YOUR INSTRUCTIONS: Return the entries below word for word; no images should appear in the copy.

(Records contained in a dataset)

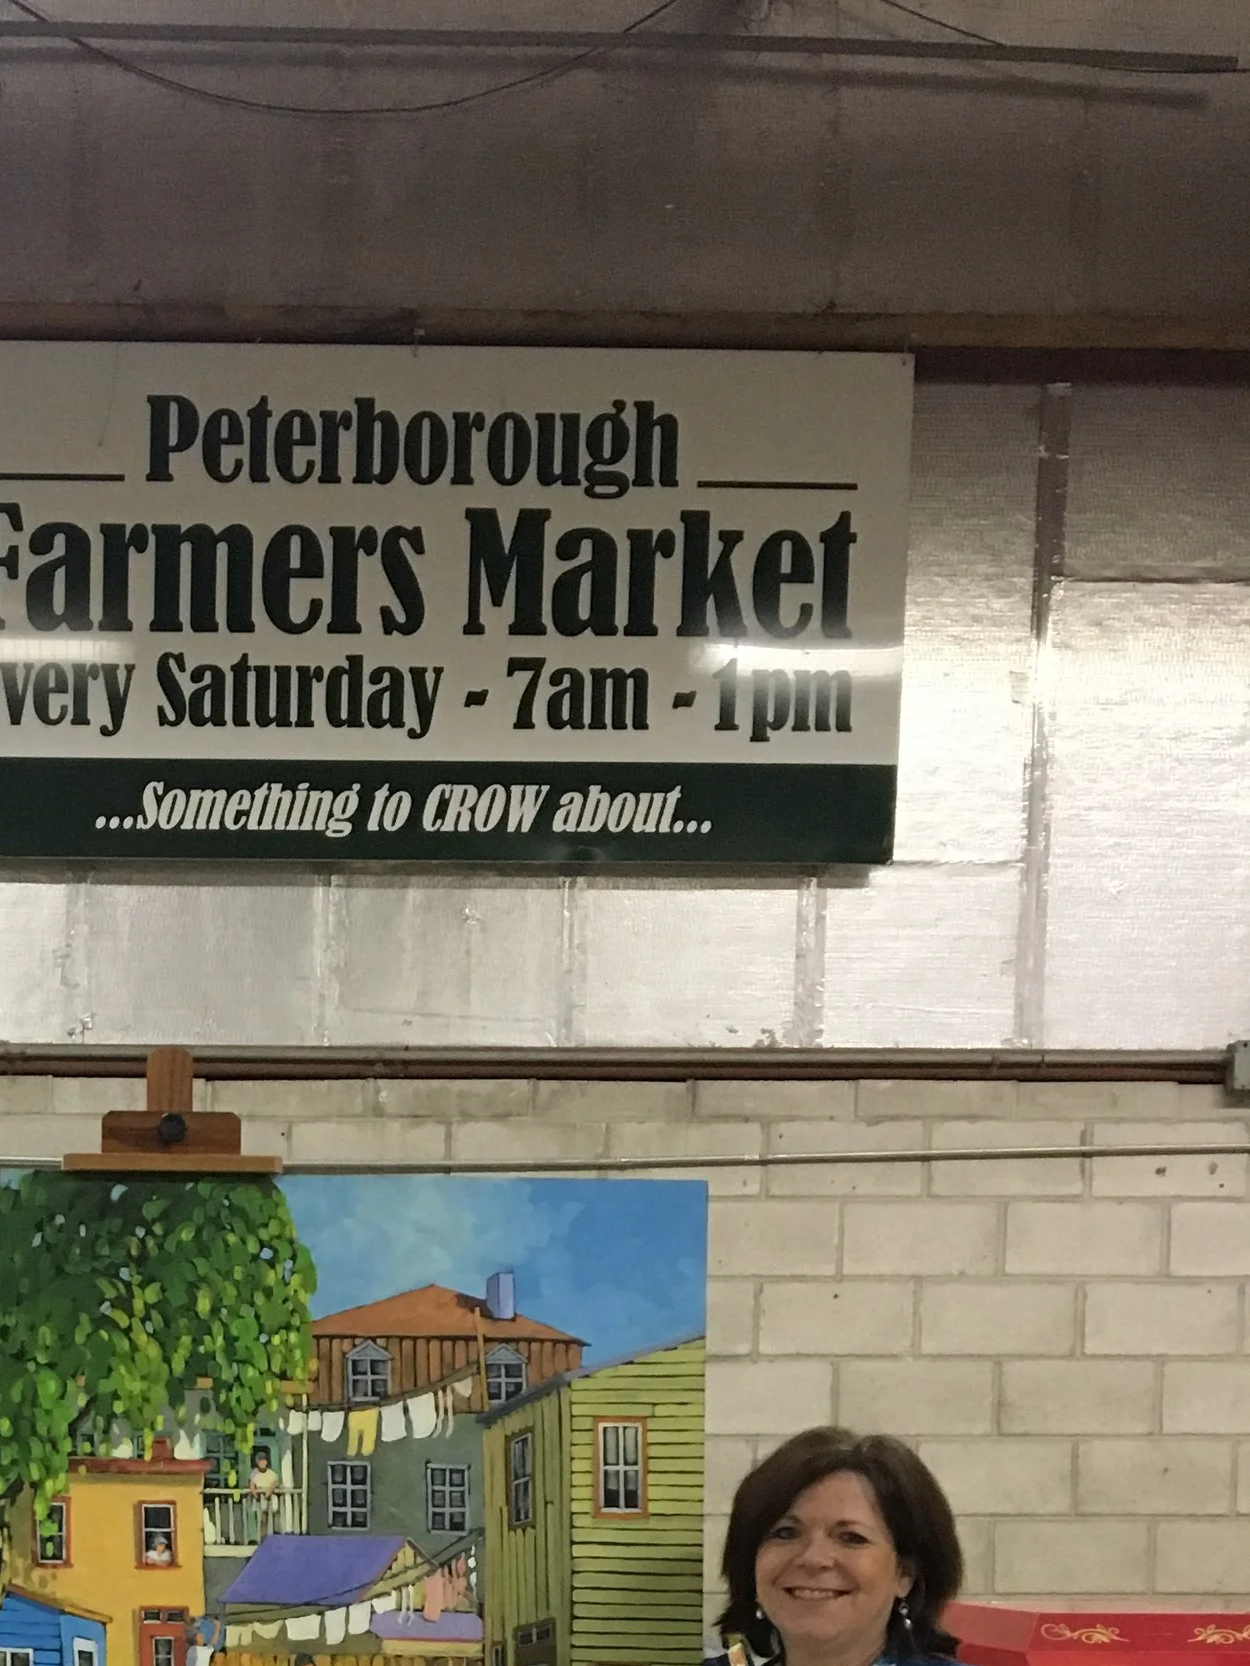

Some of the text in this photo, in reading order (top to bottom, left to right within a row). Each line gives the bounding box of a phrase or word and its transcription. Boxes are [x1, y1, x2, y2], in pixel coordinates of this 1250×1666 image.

[145, 394, 679, 500] Peterborough
[463, 506, 857, 638] Market
[157, 651, 445, 740] Saturday
[463, 687, 489, 708] -
[506, 655, 650, 731] 7am
[672, 690, 696, 710] -
[710, 658, 853, 744] 1pm
[95, 780, 711, 838] ...Something to CROW about...

EXPECTED OUTPUT:
Some of the text in this photo, in reading order (top to bottom, left to right within a row). Each line gives the bounding box of a phrase or word and its transcription. Boxes are [x1, y1, x2, y2], in pixel coordinates of this 1250×1666 image.

[145, 394, 679, 500] Peterborough
[463, 506, 857, 638] Market
[157, 651, 445, 740] Saturday
[463, 687, 489, 708] -
[506, 655, 650, 731] 7am
[672, 690, 696, 710] -
[710, 658, 853, 744] 1pm
[95, 780, 711, 838] ...Something to CROW about...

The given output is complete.